Accurate wound age estimation is of great significance in forensic practice. However, postmortem changes often obscure or even obliterate the biological information of skeletal muscle injuries, making it extremely challenging to accurately estimate their age. In this study, we combined ATR-FTIR spectroscopy with multiple machine learning algorithms to establish three regression models optimized by genetic algorithms (GA-Ridge, GA-Lasso, and GA-PLS) to estimate wound age in skeletal muscle, targeting the impact of early post-mortem changes. The results indicate that these models exhibit strong resistance to postmortem changes and demonstrate excellent predictive performance, with the best CV-R of 0.78, test R of 0.77, CV-MAE of 4.84 h, and test MAE of 5.01 h. In addition, eight spectral feature bands were found that are highly correlated with wound age. These features were located in absorption bands corresponding to amide II, CO stretching, C-O-C stretching, and PO₄ stretching vibrations, suggesting that changes in proteins, phospholipids, and nucleic acids may represent key biochemical events in the temporal evolution of muscle injury. In conclusion, this study proposes a new method for estimating skeletal muscle wound age based on ATR-FTIR and machine learning, taking into account the interference of early postmortem changes. This research offers a novel technical approach for forensic wound age estimation.
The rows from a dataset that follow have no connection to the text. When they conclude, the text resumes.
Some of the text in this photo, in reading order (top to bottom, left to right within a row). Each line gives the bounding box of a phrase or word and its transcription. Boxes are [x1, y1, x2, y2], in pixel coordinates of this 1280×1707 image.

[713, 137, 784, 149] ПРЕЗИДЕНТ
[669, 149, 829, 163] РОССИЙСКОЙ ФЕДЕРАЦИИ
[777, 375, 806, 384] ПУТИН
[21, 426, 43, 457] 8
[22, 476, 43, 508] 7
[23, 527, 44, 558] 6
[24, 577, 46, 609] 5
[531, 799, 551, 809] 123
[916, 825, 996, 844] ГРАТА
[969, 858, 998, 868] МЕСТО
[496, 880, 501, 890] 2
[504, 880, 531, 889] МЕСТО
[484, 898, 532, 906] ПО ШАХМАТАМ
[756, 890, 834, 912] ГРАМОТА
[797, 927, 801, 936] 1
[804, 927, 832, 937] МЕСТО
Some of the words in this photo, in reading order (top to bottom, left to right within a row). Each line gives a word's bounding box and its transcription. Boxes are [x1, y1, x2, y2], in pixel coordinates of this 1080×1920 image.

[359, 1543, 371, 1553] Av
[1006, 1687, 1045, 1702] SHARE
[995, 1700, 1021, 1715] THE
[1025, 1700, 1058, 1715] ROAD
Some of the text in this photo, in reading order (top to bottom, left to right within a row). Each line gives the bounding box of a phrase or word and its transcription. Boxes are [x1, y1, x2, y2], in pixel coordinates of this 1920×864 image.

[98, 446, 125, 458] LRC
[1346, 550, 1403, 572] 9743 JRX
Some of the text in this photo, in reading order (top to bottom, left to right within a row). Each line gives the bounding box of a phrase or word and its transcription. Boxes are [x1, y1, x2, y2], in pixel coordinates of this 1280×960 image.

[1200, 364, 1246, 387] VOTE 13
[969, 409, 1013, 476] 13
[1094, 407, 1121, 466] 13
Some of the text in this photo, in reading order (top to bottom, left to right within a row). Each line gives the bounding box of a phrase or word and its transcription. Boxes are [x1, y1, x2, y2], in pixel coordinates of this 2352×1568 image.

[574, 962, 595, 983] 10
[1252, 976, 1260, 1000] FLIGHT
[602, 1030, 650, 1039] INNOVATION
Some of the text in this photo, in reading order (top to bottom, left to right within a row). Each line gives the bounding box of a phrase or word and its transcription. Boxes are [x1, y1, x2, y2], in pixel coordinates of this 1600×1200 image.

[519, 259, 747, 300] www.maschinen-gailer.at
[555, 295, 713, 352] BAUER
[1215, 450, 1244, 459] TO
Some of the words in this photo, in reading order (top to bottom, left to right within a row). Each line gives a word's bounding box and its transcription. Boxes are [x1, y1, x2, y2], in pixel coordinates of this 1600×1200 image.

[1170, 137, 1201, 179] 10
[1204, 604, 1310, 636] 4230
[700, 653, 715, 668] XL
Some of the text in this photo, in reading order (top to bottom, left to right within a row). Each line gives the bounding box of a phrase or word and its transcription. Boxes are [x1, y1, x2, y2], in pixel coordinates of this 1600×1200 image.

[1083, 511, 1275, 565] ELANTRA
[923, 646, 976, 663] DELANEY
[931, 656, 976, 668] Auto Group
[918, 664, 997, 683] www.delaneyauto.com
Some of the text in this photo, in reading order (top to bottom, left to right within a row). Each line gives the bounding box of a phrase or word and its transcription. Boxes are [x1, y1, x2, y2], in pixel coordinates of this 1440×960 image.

准确的伤口年龄估计在法医学实践中具有重要意义。然而,死后变化常常模糊甚至抹去骨骼肌损伤的生物学信息,使得准确估计其年龄极具挑战性。在本研究中,我们将衰减全反射傅里叶变换红外光谱(ATR-FTIR)与多种机器学习算法相结合,建立了三种经遗传算法优化的回归模型(GA-岭回归、GA-套索回归和GA-偏最小二乘法),以估计骨骼肌伤口年龄,针对早期死后变化的影响。结果表明,这些模型对死后变化具有很强的抗性,并表现出优异的预测性能,最佳交叉验证R为0.78,测试R为0.77,交叉验证平均绝对误差为4.84小时,测试平均绝对误差为5.01小时。此外,发现了八个与伤口年龄高度相关的光谱特征带。这些特征位于对应于酰胺II、CO伸缩、C-O-C伸缩和PO₄伸缩振动的吸收带中,表明蛋白质、磷脂和核酸的变化可能代表肌肉损伤时间演变中的关键生化事件。总之,本研究提出了一种基于ATR-FTIR和机器学习的估计骨骼肌伤口年龄的新方法,同时考虑了早期死后变化的干扰。本研究为法医伤口年龄估计提供了一种新颖的技术方法。